Return the listing below unchanged, except that the pictures are dropped.

(Extracted information begins)

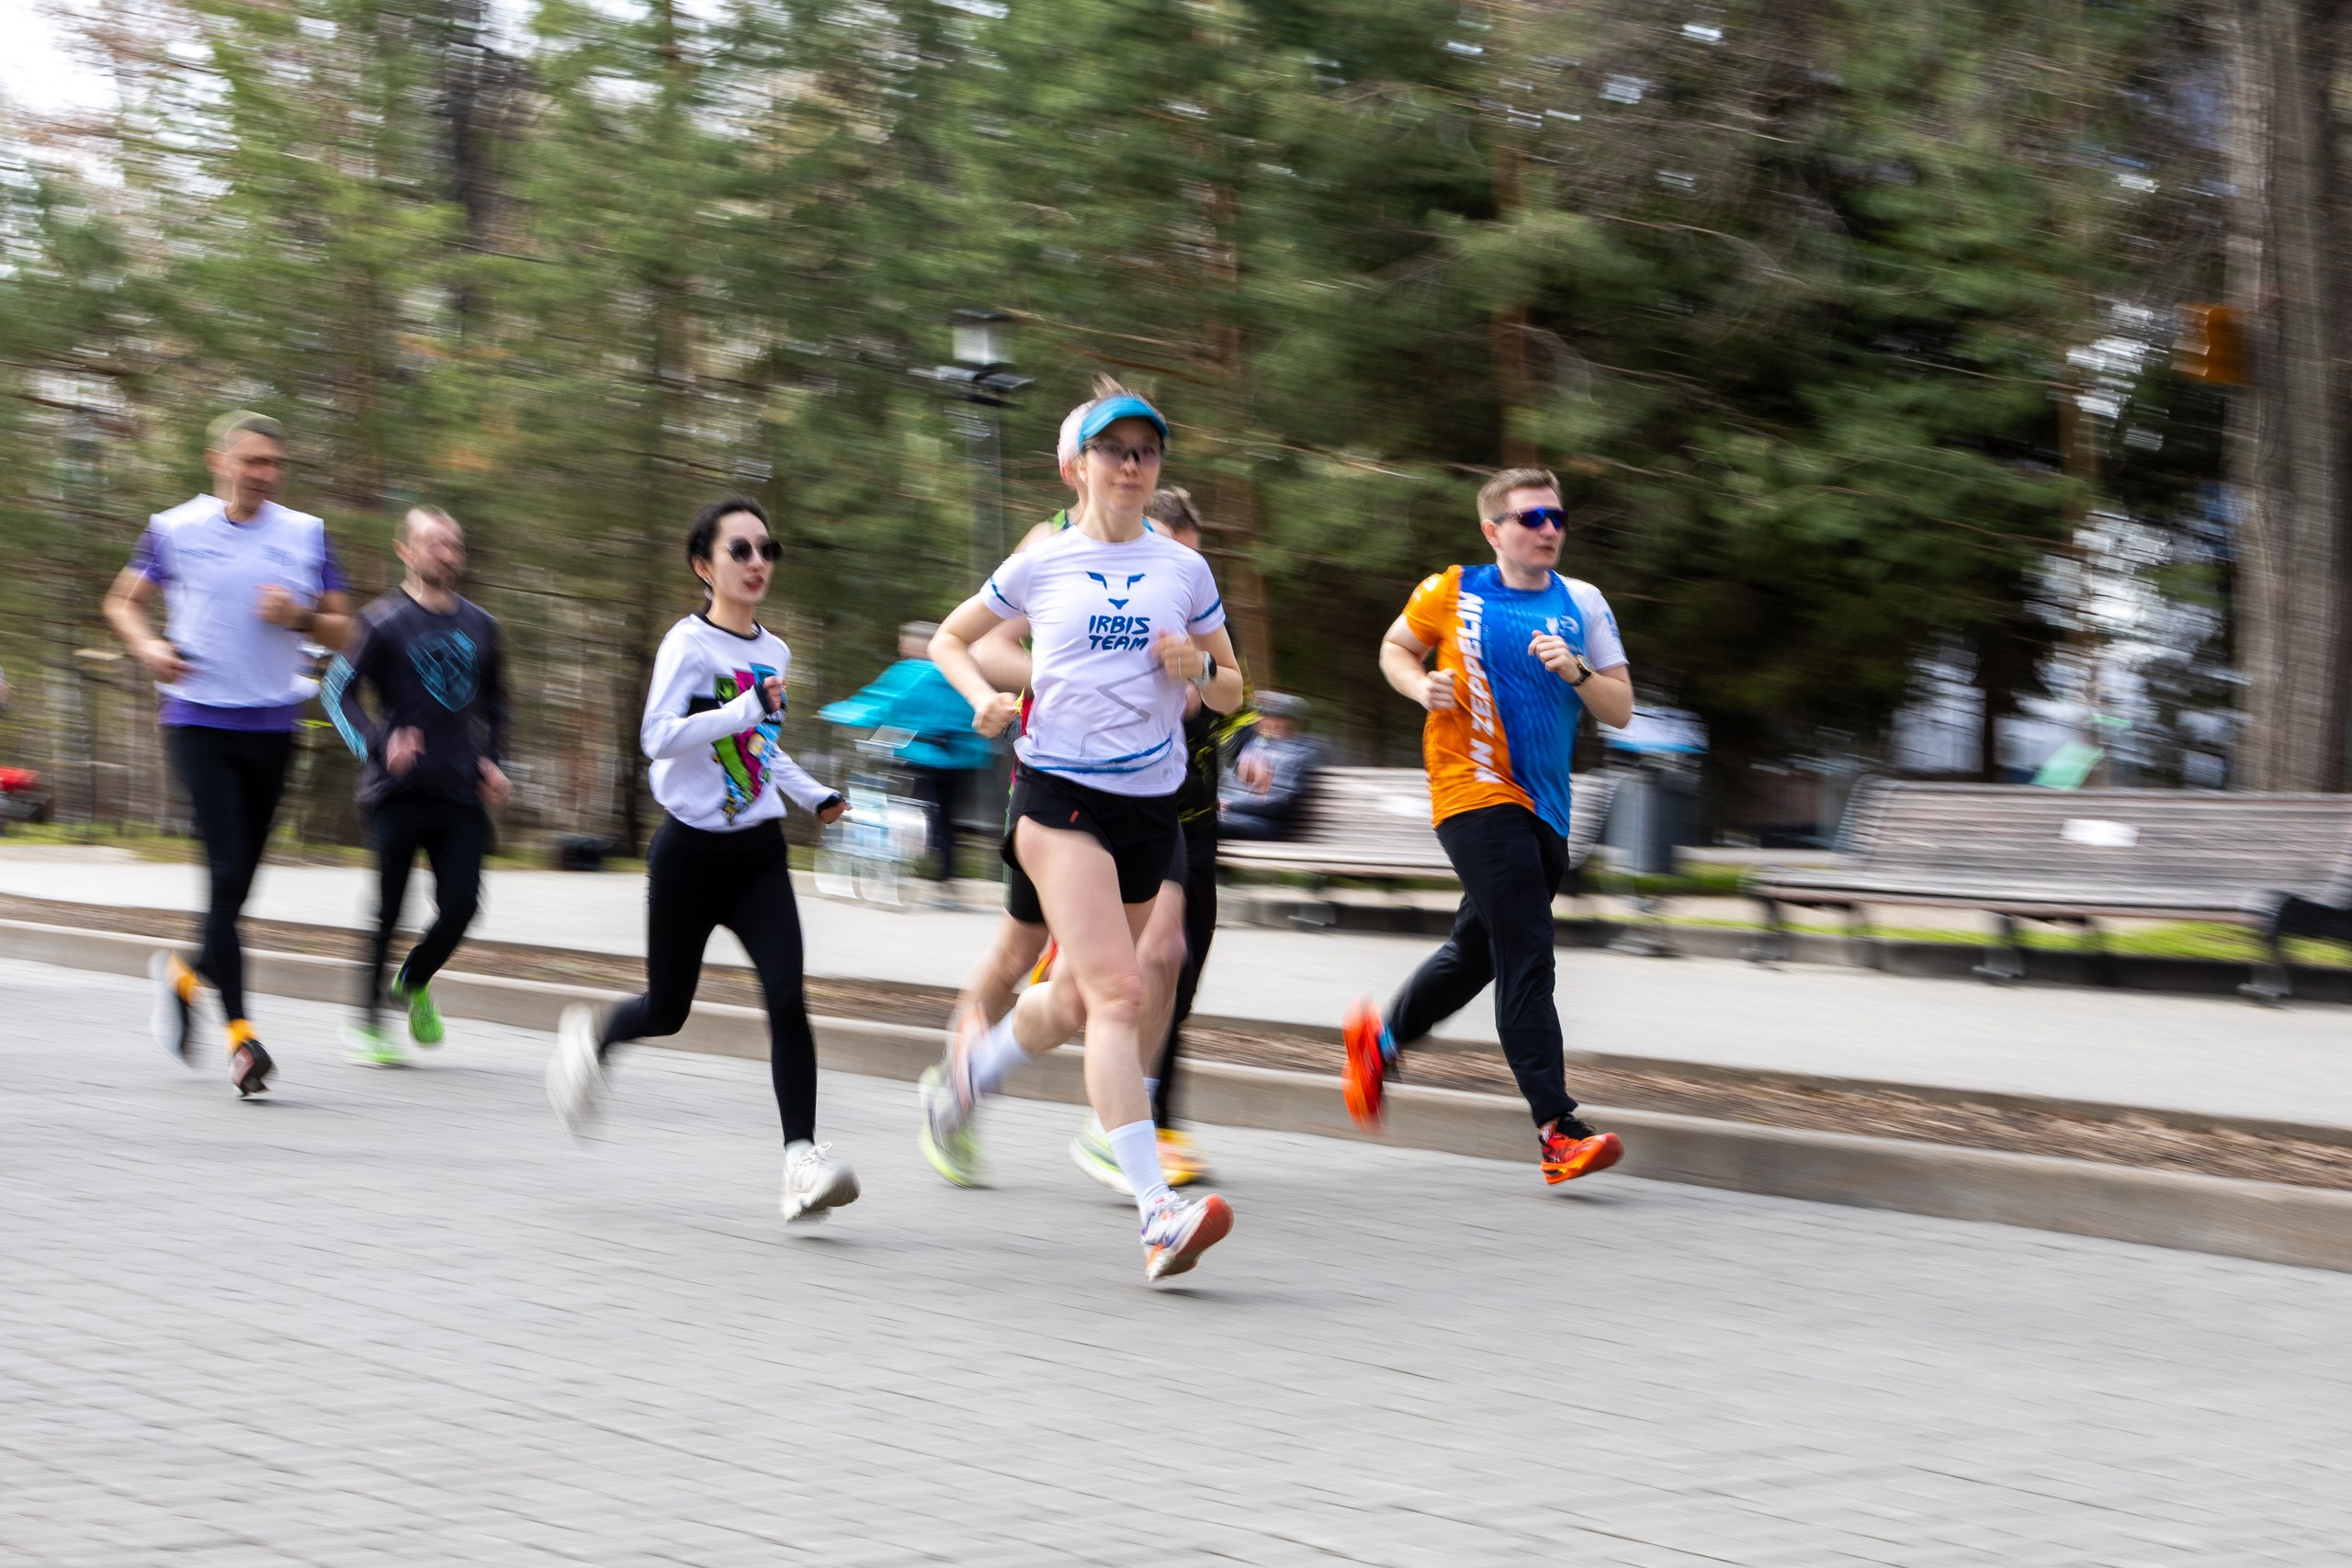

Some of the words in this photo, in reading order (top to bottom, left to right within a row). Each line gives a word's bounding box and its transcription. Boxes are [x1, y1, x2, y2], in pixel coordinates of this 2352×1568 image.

[1089, 615, 1150, 635] IRBIS
[1088, 634, 1149, 651] TEAM
[1455, 590, 1495, 739] ZEPPELIN
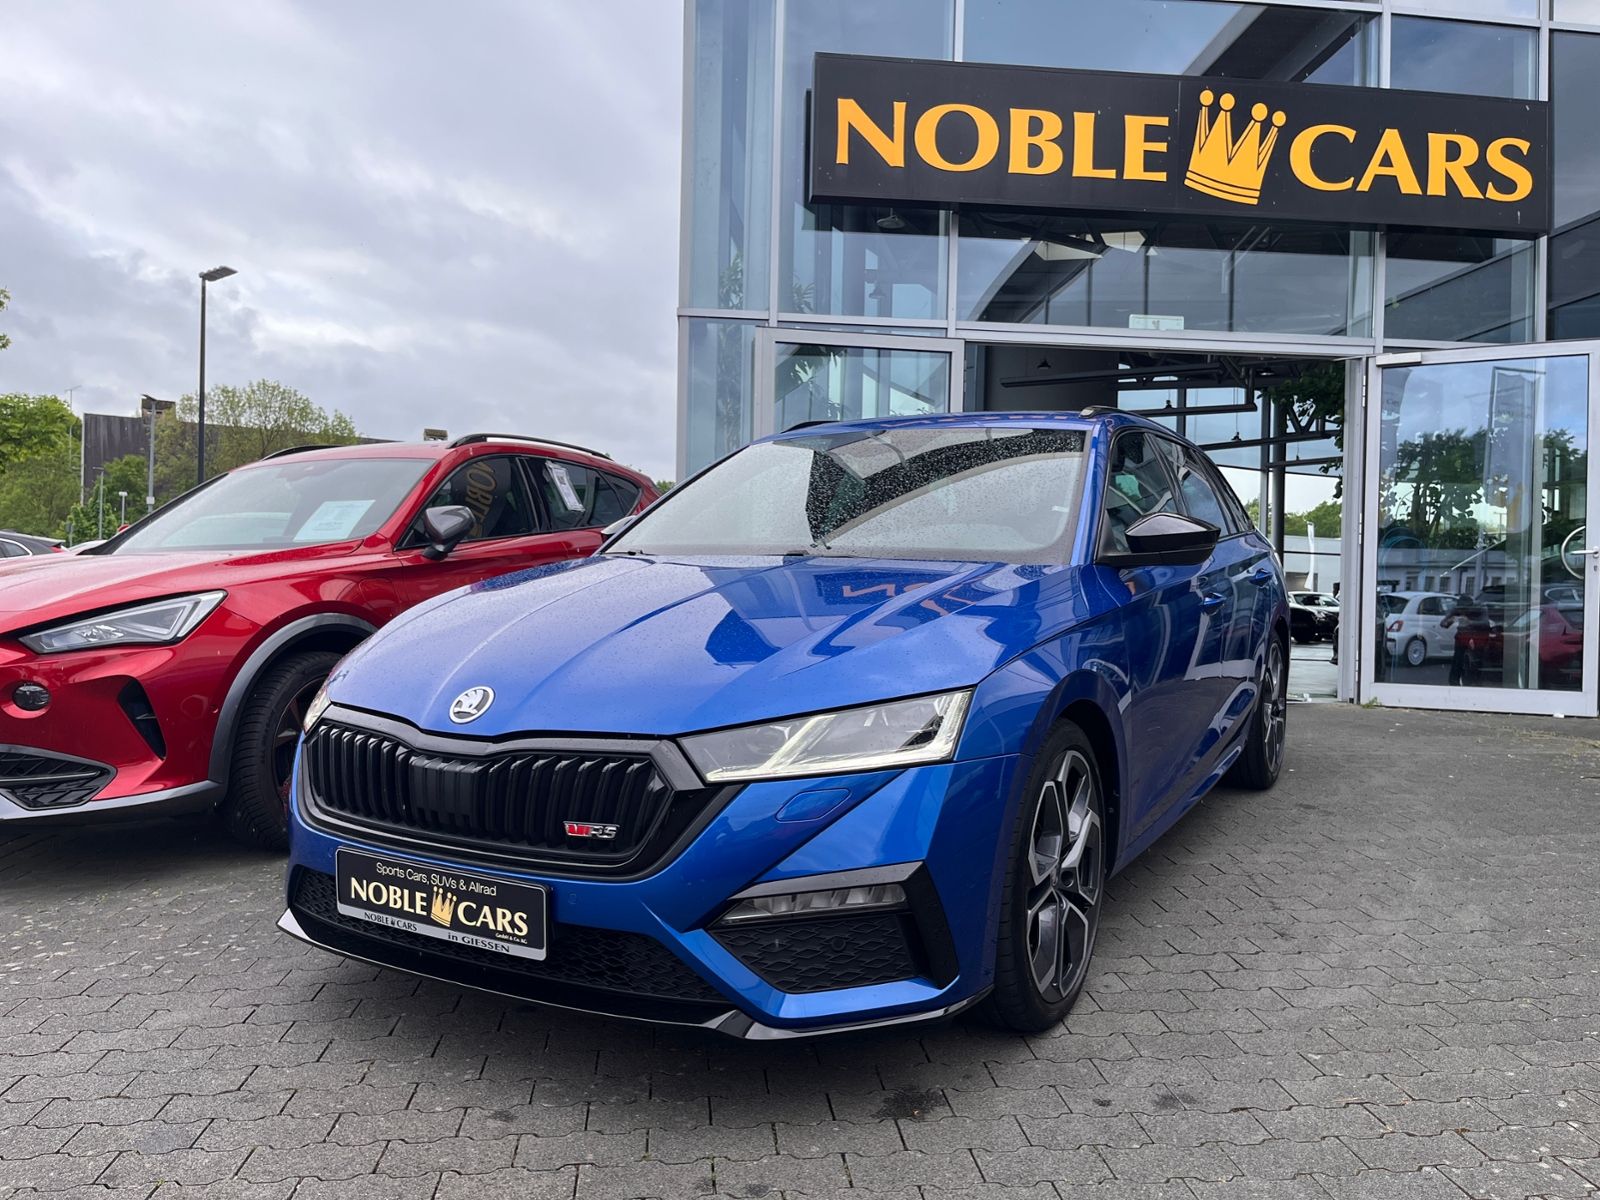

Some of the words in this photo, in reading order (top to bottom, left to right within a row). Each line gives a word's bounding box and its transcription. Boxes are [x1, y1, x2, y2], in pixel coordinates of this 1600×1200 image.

[836, 98, 1169, 181] NOBLE
[1290, 124, 1534, 202] CARS
[376, 862, 405, 878] Sports
[406, 869, 429, 885] Cars,
[430, 873, 457, 889] SUVs
[458, 879, 467, 891] &
[468, 881, 497, 896] Allrad
[350, 876, 428, 916] NOBLE
[457, 901, 528, 936] CARS
[364, 912, 389, 925] NOBLE
[396, 919, 418, 932] CARS
[448, 932, 458, 941] in
[461, 935, 510, 953] GIESSEN

(Extracted information ends)

◆ **Answer space**:
Some of the words in this photo, in reading order (top to bottom, left to right within a row). Each line gives a word's bounding box and its transcription. Boxes are [x1, y1, x2, y2], in pixel coordinates of this 2352×1568 image.

[1089, 615, 1150, 635] IRBIS
[1088, 634, 1149, 651] TEAM
[1455, 590, 1495, 739] ZEPPELIN

Some of the words in this photo, in reading order (top to bottom, left to right within a row). Each line gives a word's bounding box and its transcription. Boxes are [x1, y1, x2, y2], in pixel coordinates of this 1600×1200 image.

[836, 98, 1169, 181] NOBLE
[1290, 124, 1534, 202] CARS
[376, 862, 405, 878] Sports
[406, 869, 429, 885] Cars,
[430, 873, 457, 889] SUVs
[458, 879, 467, 891] &
[468, 881, 497, 896] Allrad
[350, 876, 428, 916] NOBLE
[457, 901, 528, 936] CARS
[364, 912, 389, 925] NOBLE
[396, 919, 418, 932] CARS
[448, 932, 458, 941] in
[461, 935, 510, 953] GIESSEN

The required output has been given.